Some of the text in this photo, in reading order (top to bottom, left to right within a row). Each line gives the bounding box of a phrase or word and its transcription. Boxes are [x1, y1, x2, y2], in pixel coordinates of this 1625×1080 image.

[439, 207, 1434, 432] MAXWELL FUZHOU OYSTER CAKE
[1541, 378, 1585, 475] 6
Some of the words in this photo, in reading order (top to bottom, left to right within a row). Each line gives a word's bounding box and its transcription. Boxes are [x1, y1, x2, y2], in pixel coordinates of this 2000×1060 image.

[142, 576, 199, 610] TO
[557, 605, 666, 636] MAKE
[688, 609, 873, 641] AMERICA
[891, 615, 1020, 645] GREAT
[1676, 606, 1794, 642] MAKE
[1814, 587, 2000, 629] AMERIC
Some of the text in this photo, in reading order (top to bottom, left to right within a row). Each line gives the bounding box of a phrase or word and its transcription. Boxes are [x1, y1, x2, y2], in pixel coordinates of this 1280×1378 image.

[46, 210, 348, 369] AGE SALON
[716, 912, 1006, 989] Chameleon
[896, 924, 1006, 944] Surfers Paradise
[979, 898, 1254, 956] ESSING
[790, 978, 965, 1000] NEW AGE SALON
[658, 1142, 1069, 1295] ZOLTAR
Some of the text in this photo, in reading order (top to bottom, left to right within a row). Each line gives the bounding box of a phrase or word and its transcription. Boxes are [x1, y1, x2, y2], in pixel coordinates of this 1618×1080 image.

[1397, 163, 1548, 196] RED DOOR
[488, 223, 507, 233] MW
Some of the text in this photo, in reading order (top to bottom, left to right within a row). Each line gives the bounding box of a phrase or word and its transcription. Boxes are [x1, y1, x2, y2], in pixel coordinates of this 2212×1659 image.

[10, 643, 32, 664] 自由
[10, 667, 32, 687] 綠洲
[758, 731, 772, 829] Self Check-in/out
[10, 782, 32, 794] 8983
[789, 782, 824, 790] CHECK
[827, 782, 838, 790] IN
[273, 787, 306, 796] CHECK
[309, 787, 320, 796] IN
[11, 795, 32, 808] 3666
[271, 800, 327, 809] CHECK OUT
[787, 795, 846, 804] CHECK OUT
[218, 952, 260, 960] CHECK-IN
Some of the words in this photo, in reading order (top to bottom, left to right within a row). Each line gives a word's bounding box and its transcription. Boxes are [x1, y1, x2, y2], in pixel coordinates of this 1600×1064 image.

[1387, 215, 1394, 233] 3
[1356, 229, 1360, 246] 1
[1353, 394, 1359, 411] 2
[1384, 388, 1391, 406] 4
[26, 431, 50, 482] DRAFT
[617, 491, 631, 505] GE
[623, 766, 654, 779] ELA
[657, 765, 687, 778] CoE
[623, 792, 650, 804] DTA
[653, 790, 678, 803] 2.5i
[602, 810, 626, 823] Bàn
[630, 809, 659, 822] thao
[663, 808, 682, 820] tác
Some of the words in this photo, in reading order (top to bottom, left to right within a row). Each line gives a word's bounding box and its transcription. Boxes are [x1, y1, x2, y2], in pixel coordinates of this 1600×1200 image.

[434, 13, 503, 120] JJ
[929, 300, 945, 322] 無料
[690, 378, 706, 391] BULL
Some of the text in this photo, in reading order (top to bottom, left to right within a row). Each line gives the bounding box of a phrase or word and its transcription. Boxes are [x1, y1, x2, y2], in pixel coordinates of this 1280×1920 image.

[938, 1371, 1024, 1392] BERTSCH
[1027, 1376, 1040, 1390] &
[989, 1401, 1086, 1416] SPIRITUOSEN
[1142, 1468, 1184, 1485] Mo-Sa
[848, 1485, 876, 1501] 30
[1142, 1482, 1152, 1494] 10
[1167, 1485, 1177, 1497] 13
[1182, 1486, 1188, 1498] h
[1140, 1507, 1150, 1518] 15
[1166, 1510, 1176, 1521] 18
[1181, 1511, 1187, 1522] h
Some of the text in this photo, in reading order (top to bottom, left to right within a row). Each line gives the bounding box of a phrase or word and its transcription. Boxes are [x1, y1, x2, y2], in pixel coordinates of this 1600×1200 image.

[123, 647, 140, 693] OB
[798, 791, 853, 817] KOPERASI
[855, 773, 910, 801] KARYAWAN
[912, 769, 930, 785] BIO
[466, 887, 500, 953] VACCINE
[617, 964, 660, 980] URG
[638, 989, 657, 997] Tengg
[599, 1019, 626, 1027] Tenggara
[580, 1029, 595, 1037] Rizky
· · ·
_Activity:_
The entries above are to be copied word for word.

_Response to this task:_
Some of the text in this photo, in reading order (top to bottom, left to right within a row). Each line gives the bounding box of a phrase or word and its transcription. Boxes are [x1, y1, x2, y2], in pixel coordinates of this 1625×1080 image.

[439, 207, 1434, 432] MAXWELL FUZHOU OYSTER CAKE
[1541, 378, 1585, 475] 6
Some of the words in this photo, in reading order (top to bottom, left to right within a row). Each line gives a word's bounding box and its transcription. Boxes are [x1, y1, x2, y2], in pixel coordinates of this 2000×1060 image.

[142, 576, 199, 610] TO
[557, 605, 666, 636] MAKE
[688, 609, 873, 641] AMERICA
[891, 615, 1020, 645] GREAT
[1676, 606, 1794, 642] MAKE
[1814, 587, 2000, 629] AMERIC
Some of the text in this photo, in reading order (top to bottom, left to right within a row). Each line gives the bounding box of a phrase or word and its transcription. Boxes are [x1, y1, x2, y2], in pixel coordinates of this 1280×1378 image.

[46, 210, 348, 369] AGE SALON
[716, 912, 1006, 989] Chameleon
[896, 924, 1006, 944] Surfers Paradise
[979, 898, 1254, 956] ESSING
[790, 978, 965, 1000] NEW AGE SALON
[658, 1142, 1069, 1295] ZOLTAR
Some of the text in this photo, in reading order (top to bottom, left to right within a row). Each line gives the bounding box of a phrase or word and its transcription. Boxes are [x1, y1, x2, y2], in pixel coordinates of this 1618×1080 image.

[1397, 163, 1548, 196] RED DOOR
[488, 223, 507, 233] MW
Some of the text in this photo, in reading order (top to bottom, left to right within a row). Each line gives the bounding box of a phrase or word and its transcription. Boxes are [x1, y1, x2, y2], in pixel coordinates of this 2212×1659 image.

[10, 643, 32, 664] 自由
[10, 667, 32, 687] 綠洲
[758, 731, 772, 829] Self Check-in/out
[10, 782, 32, 794] 8983
[789, 782, 824, 790] CHECK
[827, 782, 838, 790] IN
[273, 787, 306, 796] CHECK
[309, 787, 320, 796] IN
[11, 795, 32, 808] 3666
[271, 800, 327, 809] CHECK OUT
[787, 795, 846, 804] CHECK OUT
[218, 952, 260, 960] CHECK-IN
Some of the words in this photo, in reading order (top to bottom, left to right within a row). Each line gives a word's bounding box and its transcription. Boxes are [x1, y1, x2, y2], in pixel coordinates of this 1600×1064 image.

[1387, 215, 1394, 233] 3
[1356, 229, 1360, 246] 1
[1353, 394, 1359, 411] 2
[1384, 388, 1391, 406] 4
[26, 431, 50, 482] DRAFT
[617, 491, 631, 505] GE
[623, 766, 654, 779] ELA
[657, 765, 687, 778] CoE
[623, 792, 650, 804] DTA
[653, 790, 678, 803] 2.5i
[602, 810, 626, 823] Bàn
[630, 809, 659, 822] thao
[663, 808, 682, 820] tác
Some of the words in this photo, in reading order (top to bottom, left to right within a row). Each line gives a word's bounding box and its transcription. Boxes are [x1, y1, x2, y2], in pixel coordinates of this 1600×1200 image.

[434, 13, 503, 120] JJ
[929, 300, 945, 322] 無料
[690, 378, 706, 391] BULL
Some of the text in this photo, in reading order (top to bottom, left to right within a row). Each line gives the bounding box of a phrase or word and its transcription. Boxes are [x1, y1, x2, y2], in pixel coordinates of this 1280×1920 image.

[938, 1371, 1024, 1392] BERTSCH
[1027, 1376, 1040, 1390] &
[989, 1401, 1086, 1416] SPIRITUOSEN
[1142, 1468, 1184, 1485] Mo-Sa
[848, 1485, 876, 1501] 30
[1142, 1482, 1152, 1494] 10
[1167, 1485, 1177, 1497] 13
[1182, 1486, 1188, 1498] h
[1140, 1507, 1150, 1518] 15
[1166, 1510, 1176, 1521] 18
[1181, 1511, 1187, 1522] h
Some of the text in this photo, in reading order (top to bottom, left to right within a row). Each line gives the bounding box of a phrase or word and its transcription. Boxes are [x1, y1, x2, y2], in pixel coordinates of this 1600×1200 image.

[123, 647, 140, 693] OB
[798, 791, 853, 817] KOPERASI
[855, 773, 910, 801] KARYAWAN
[912, 769, 930, 785] BIO
[466, 887, 500, 953] VACCINE
[617, 964, 660, 980] URG
[638, 989, 657, 997] Tengg
[599, 1019, 626, 1027] Tenggara
[580, 1029, 595, 1037] Rizky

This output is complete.